(Image-backed grounding data)
========================================
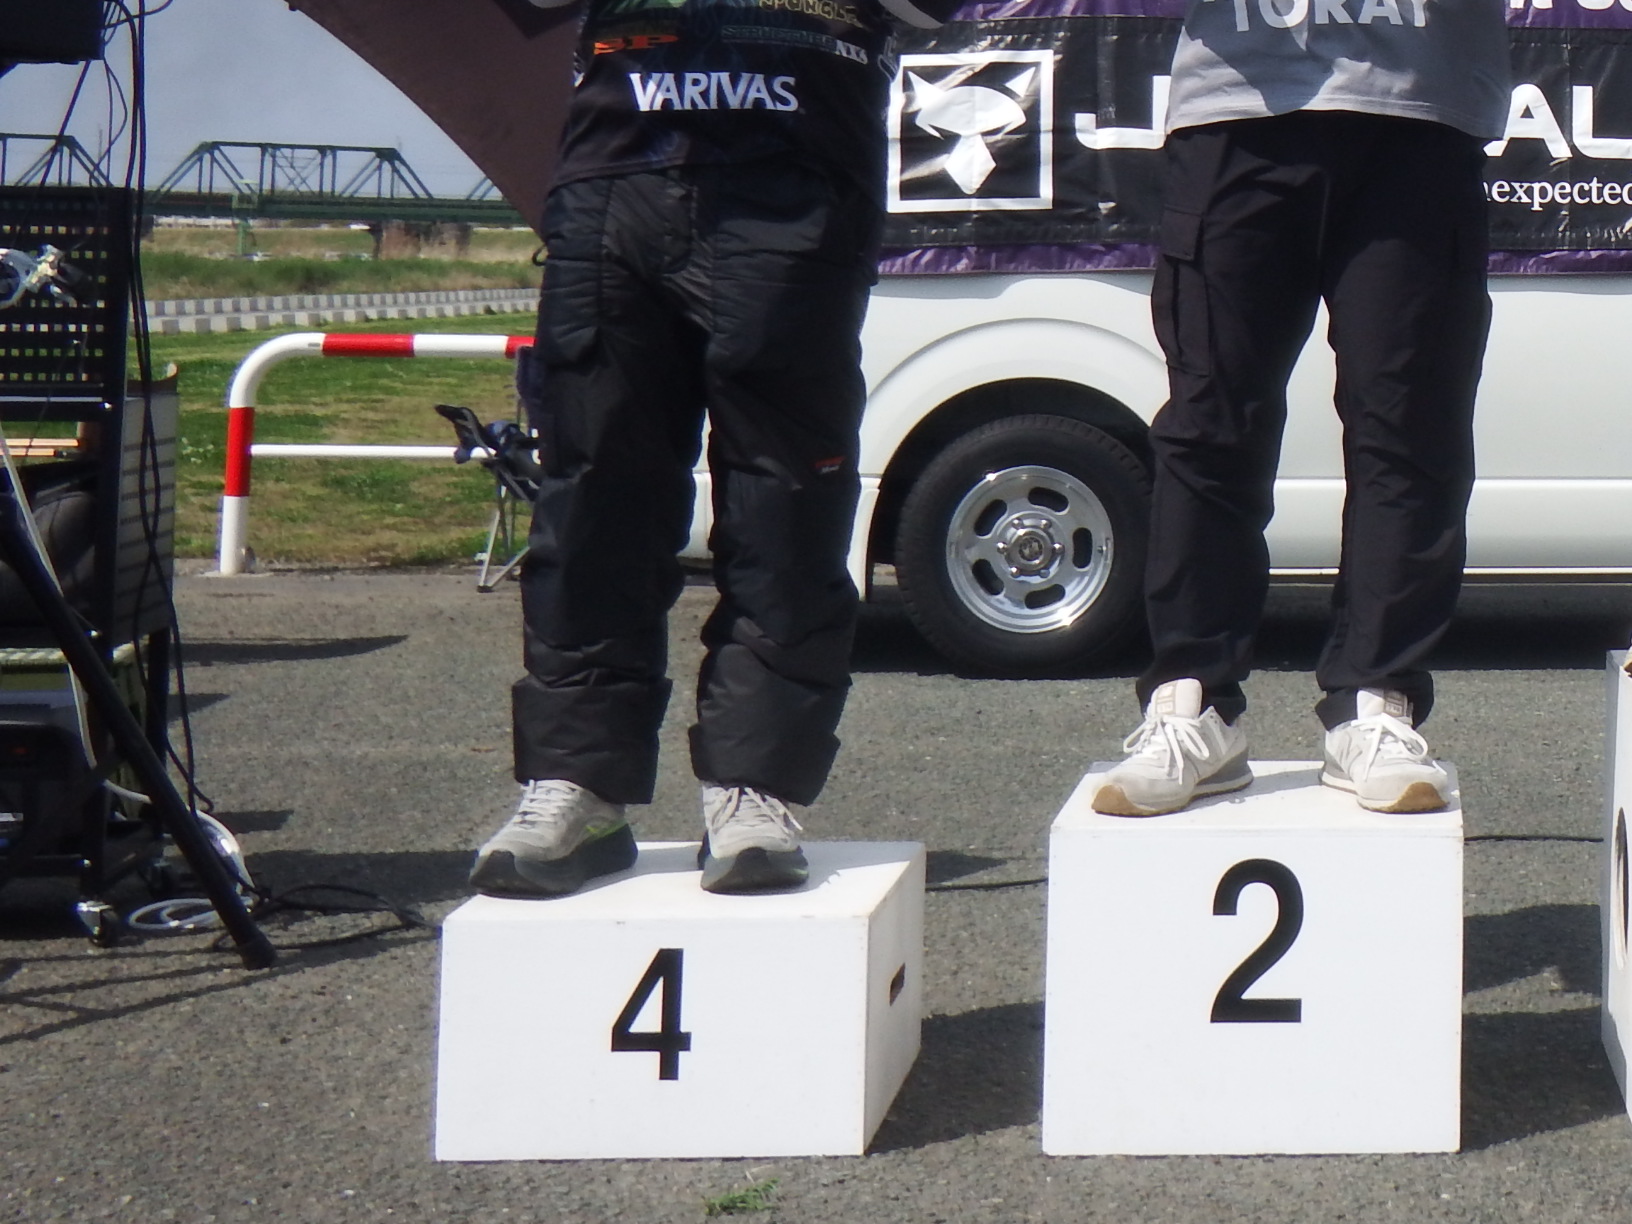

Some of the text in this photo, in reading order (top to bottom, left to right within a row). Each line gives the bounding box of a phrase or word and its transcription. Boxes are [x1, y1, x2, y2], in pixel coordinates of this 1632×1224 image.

[629, 71, 799, 112] VARIVAS
[1209, 857, 1305, 1024] 2
[610, 947, 692, 1081] 4
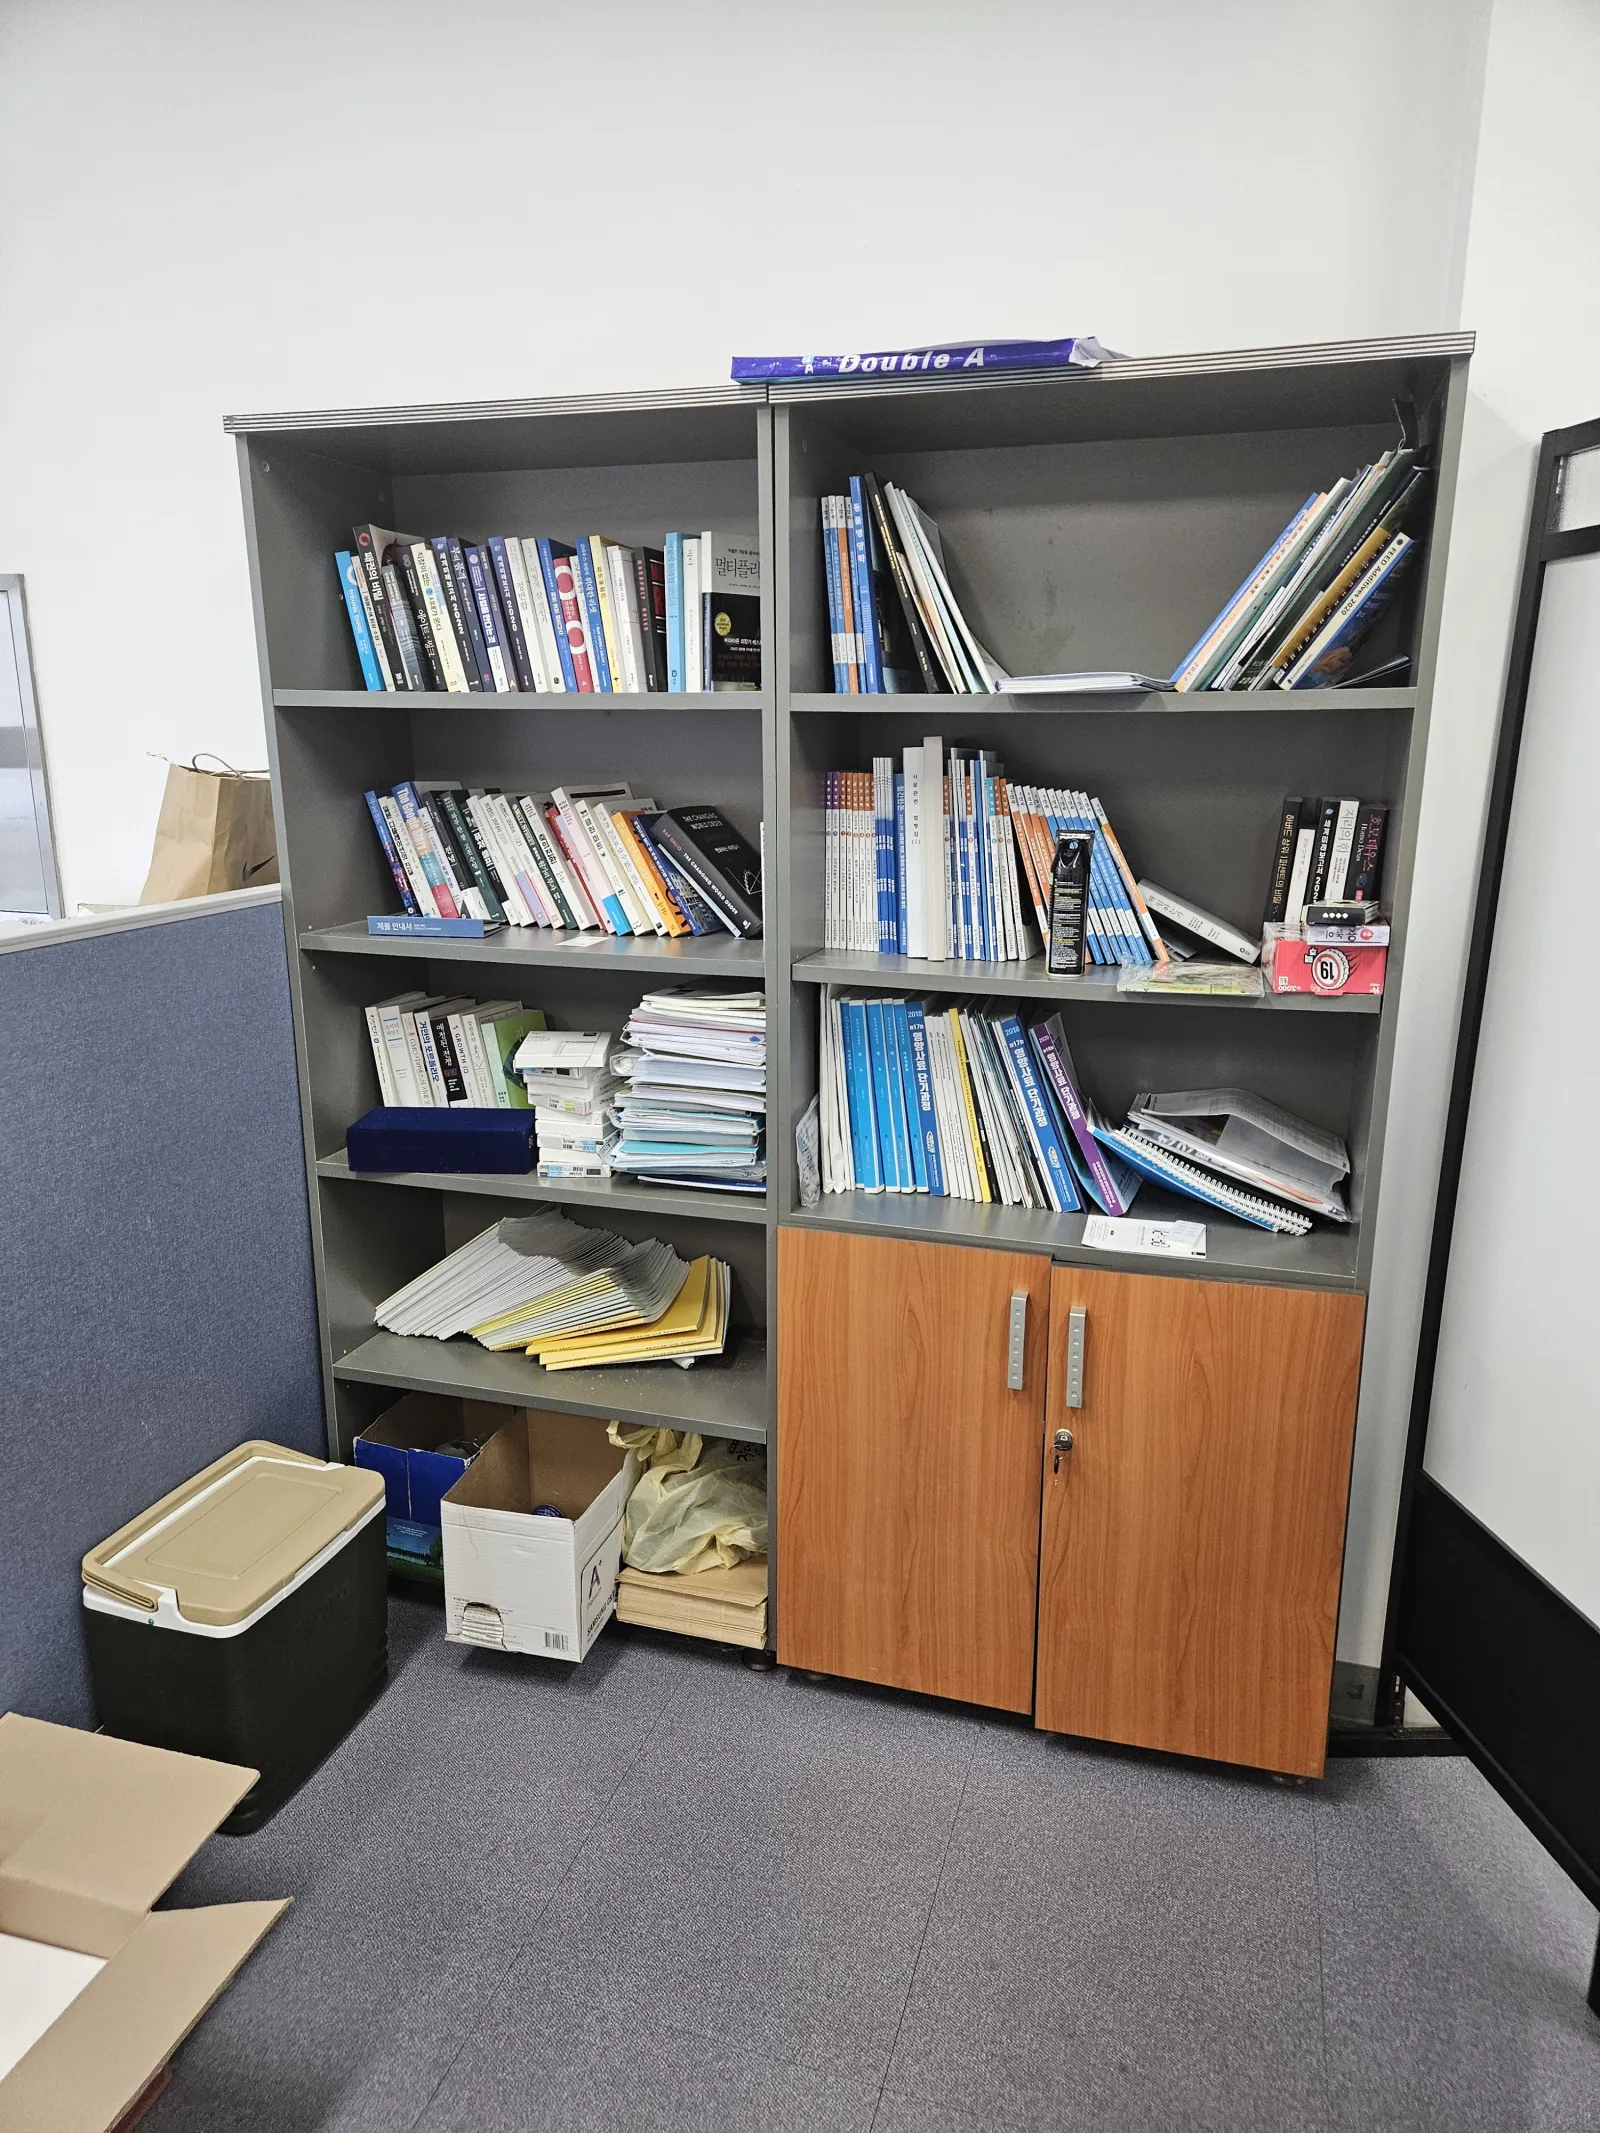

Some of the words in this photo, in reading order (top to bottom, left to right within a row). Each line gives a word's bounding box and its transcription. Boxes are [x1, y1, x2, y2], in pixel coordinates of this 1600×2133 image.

[838, 352, 949, 373] Double
[963, 348, 985, 367] A
[1380, 546, 1396, 566] FEED
[362, 550, 378, 580] 패권의
[370, 580, 384, 601] 비밀
[584, 576, 594, 599] 위대한
[1354, 564, 1382, 599] Additives
[427, 595, 439, 616] 시대가
[433, 616, 442, 631] 온다
[451, 602, 464, 634] 2022
[506, 599, 517, 632] 2020
[587, 599, 597, 614] 리셋
[1340, 597, 1356, 616] 2020
[396, 787, 412, 804] The
[400, 800, 422, 830] Google
[483, 801, 495, 818] 트렌드
[490, 817, 502, 833] 코리아
[498, 802, 509, 818] 트렌드
[505, 817, 516, 834] 코리아
[1337, 807, 1355, 841] 지리의
[1367, 814, 1381, 838] 호모
[410, 827, 430, 850] Story
[1360, 823, 1368, 842] Homo
[1279, 837, 1290, 855] 상위
[1335, 841, 1349, 853] 힘
[1356, 843, 1365, 861] Deus
[1361, 837, 1378, 872] 데우스
[682, 851, 692, 862] THE
[689, 860, 712, 886] CHANGING
[710, 884, 725, 901] WORLD
[723, 898, 738, 916] ORDER
[1272, 888, 1282, 904] 비밀
[377, 922, 391, 931] 제품
[391, 922, 412, 931] 안내서
[1320, 961, 1335, 980] 19
[908, 1010, 923, 1018] 2018
[418, 1020, 431, 1043] 거인의
[1005, 1026, 1020, 1036] 2018
[409, 1037, 418, 1055] GMO
[454, 1032, 466, 1064] GROWTH
[913, 1031, 927, 1071] 영양사료
[424, 1044, 441, 1083] 포트폴리오
[917, 1072, 931, 1111] 단기과정
[1014, 1047, 1035, 1088] 영양사료
[1027, 1088, 1048, 1127] 단기과정
[1047, 1053, 1067, 1087] 영양사료
[1061, 1086, 1081, 1120] 단기과정
[587, 1603, 607, 1636] SAMSUNG
========================================
When you copy the data, keep every line exact and leave out each picture.

## SOLUTION TO THIS PROBLEM
Some of the text in this photo, in reading order (top to bottom, left to right within a row). Each line gives the bounding box of a phrase or word and its transcription. Boxes are [x1, y1, x2, y2], in pixel coordinates of this 1632×1224 image.

[629, 71, 799, 112] VARIVAS
[1209, 857, 1305, 1024] 2
[610, 947, 692, 1081] 4

Some of the words in this photo, in reading order (top to bottom, left to right within a row). Each line gives a word's bounding box and its transcription. Boxes are [x1, y1, x2, y2], in pixel coordinates of this 1600×2133 image.

[838, 352, 949, 373] Double
[963, 348, 985, 367] A
[1380, 546, 1396, 566] FEED
[362, 550, 378, 580] 패권의
[370, 580, 384, 601] 비밀
[584, 576, 594, 599] 위대한
[1354, 564, 1382, 599] Additives
[427, 595, 439, 616] 시대가
[433, 616, 442, 631] 온다
[451, 602, 464, 634] 2022
[506, 599, 517, 632] 2020
[587, 599, 597, 614] 리셋
[1340, 597, 1356, 616] 2020
[396, 787, 412, 804] The
[400, 800, 422, 830] Google
[483, 801, 495, 818] 트렌드
[490, 817, 502, 833] 코리아
[498, 802, 509, 818] 트렌드
[505, 817, 516, 834] 코리아
[1337, 807, 1355, 841] 지리의
[1367, 814, 1381, 838] 호모
[410, 827, 430, 850] Story
[1360, 823, 1368, 842] Homo
[1279, 837, 1290, 855] 상위
[1335, 841, 1349, 853] 힘
[1356, 843, 1365, 861] Deus
[1361, 837, 1378, 872] 데우스
[682, 851, 692, 862] THE
[689, 860, 712, 886] CHANGING
[710, 884, 725, 901] WORLD
[723, 898, 738, 916] ORDER
[1272, 888, 1282, 904] 비밀
[377, 922, 391, 931] 제품
[391, 922, 412, 931] 안내서
[1320, 961, 1335, 980] 19
[908, 1010, 923, 1018] 2018
[418, 1020, 431, 1043] 거인의
[1005, 1026, 1020, 1036] 2018
[409, 1037, 418, 1055] GMO
[454, 1032, 466, 1064] GROWTH
[913, 1031, 927, 1071] 영양사료
[424, 1044, 441, 1083] 포트폴리오
[917, 1072, 931, 1111] 단기과정
[1014, 1047, 1035, 1088] 영양사료
[1027, 1088, 1048, 1127] 단기과정
[1047, 1053, 1067, 1087] 영양사료
[1061, 1086, 1081, 1120] 단기과정
[587, 1603, 607, 1636] SAMSUNG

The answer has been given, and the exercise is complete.